─── Source data ───

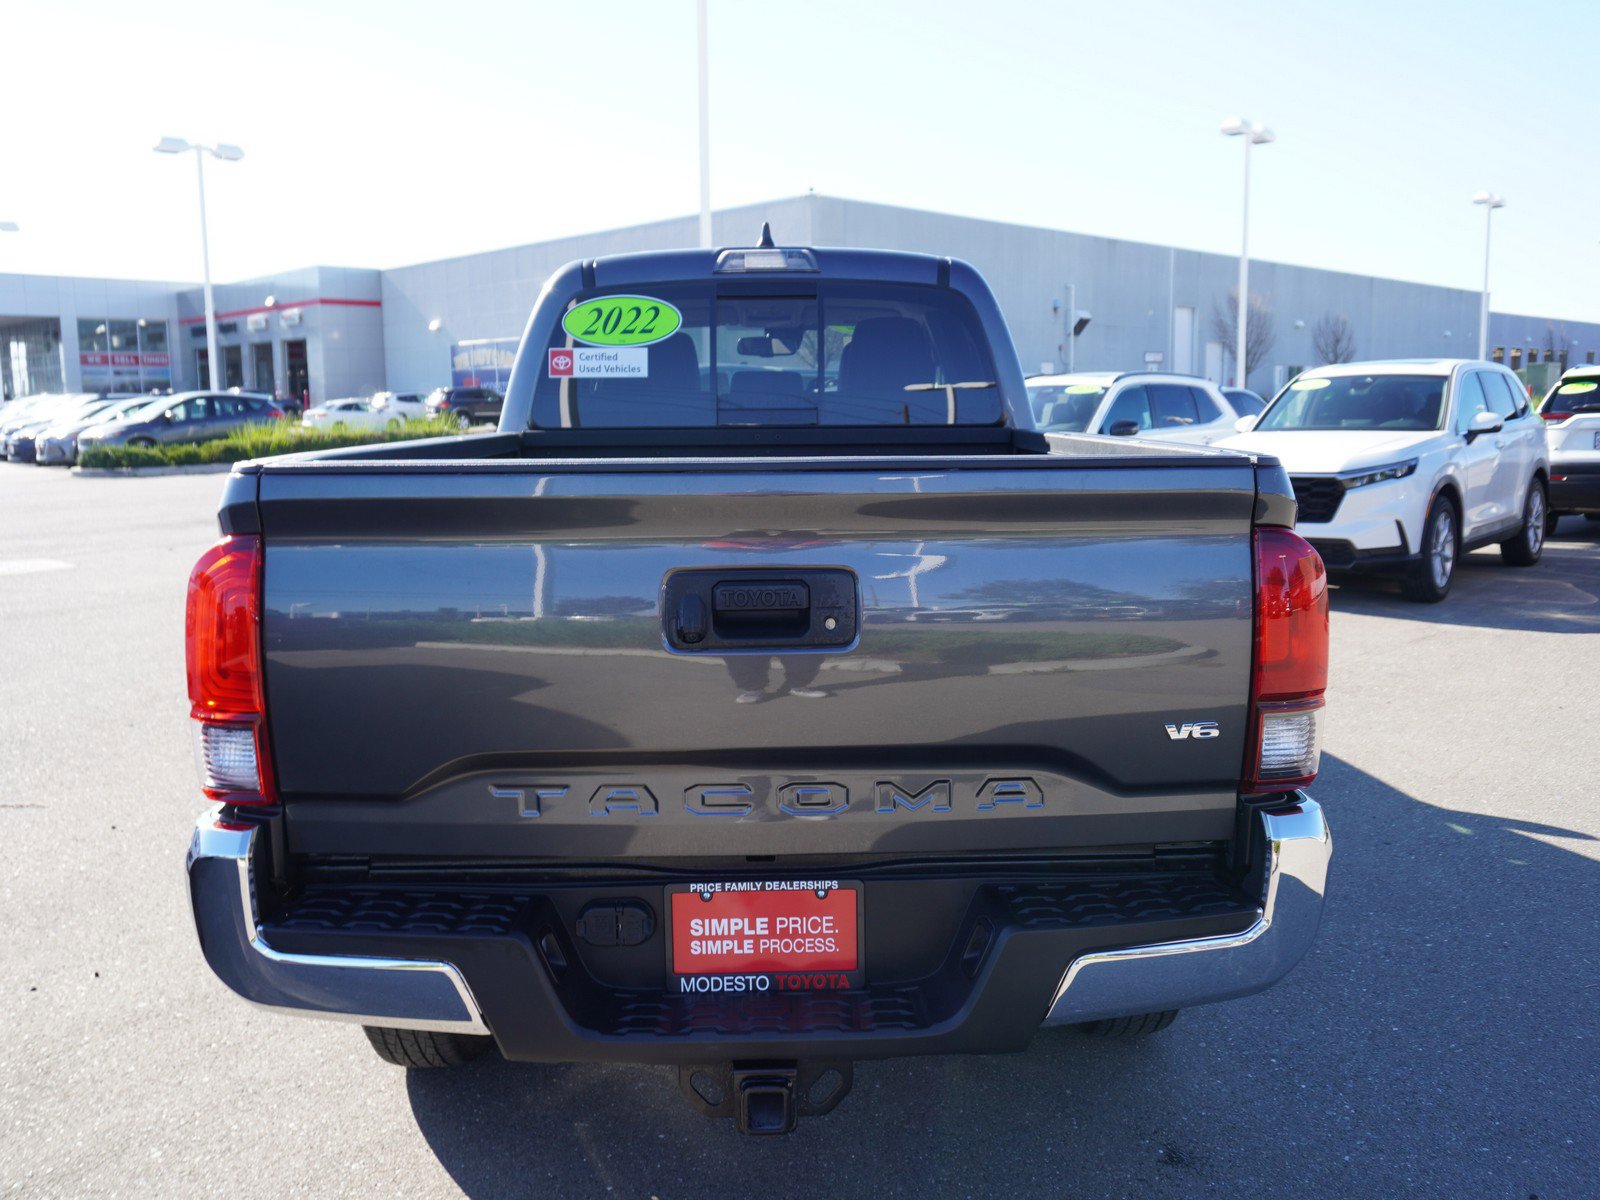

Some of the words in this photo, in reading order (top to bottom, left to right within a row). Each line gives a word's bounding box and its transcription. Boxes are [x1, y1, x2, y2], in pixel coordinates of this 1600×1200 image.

[581, 305, 660, 336] 2022
[579, 352, 618, 362] Certified
[579, 365, 602, 373] Used
[604, 364, 641, 373] Vehicles
[722, 589, 801, 608] TOYOTA
[1165, 721, 1220, 740] V6
[488, 777, 1045, 817] TACOMA
[690, 883, 722, 893] PRICE
[725, 881, 763, 892] FAMILY
[765, 880, 839, 891] DEALERSHIPS
[690, 917, 769, 937] SIMPLE
[776, 916, 839, 935] PRICE.
[690, 939, 755, 955] SIMPLE
[759, 938, 840, 954] PROCESS.
[680, 975, 770, 993] MODESTO
[775, 974, 850, 991] TOYOTA
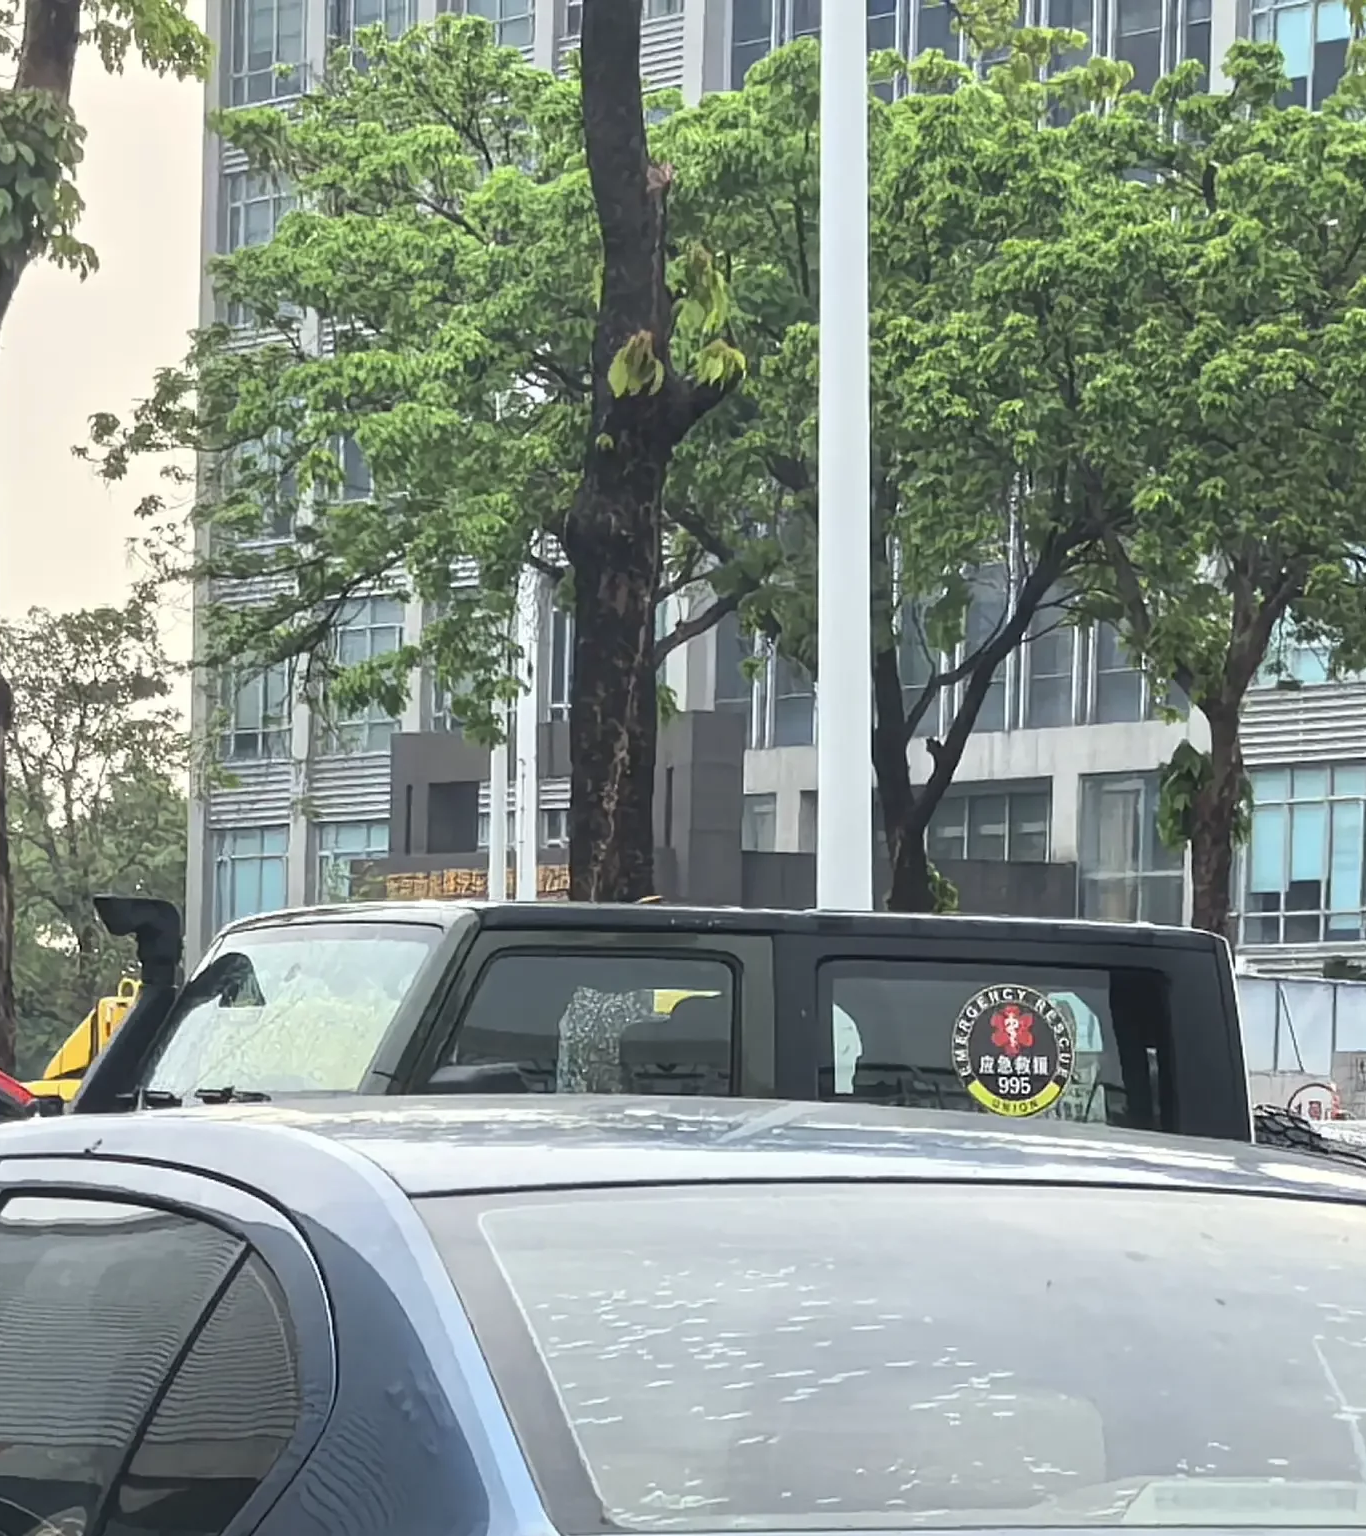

───

# [Task brief]
Restate the material above word for word, dropping the pictures.

# [Result]
Some of the words in this photo, in reading order (top to bottom, left to right within a row). Each line gives a word's bounding box and its transcription. Boxes are [x1, y1, x2, y2], in pixel coordinates of this 1600×1200 image.

[581, 305, 660, 336] 2022
[579, 352, 618, 362] Certified
[579, 365, 602, 373] Used
[604, 364, 641, 373] Vehicles
[722, 589, 801, 608] TOYOTA
[1165, 721, 1220, 740] V6
[488, 777, 1045, 817] TACOMA
[690, 883, 722, 893] PRICE
[725, 881, 763, 892] FAMILY
[765, 880, 839, 891] DEALERSHIPS
[690, 917, 769, 937] SIMPLE
[776, 916, 839, 935] PRICE.
[690, 939, 755, 955] SIMPLE
[759, 938, 840, 954] PROCESS.
[680, 975, 770, 993] MODESTO
[775, 974, 850, 991] TOYOTA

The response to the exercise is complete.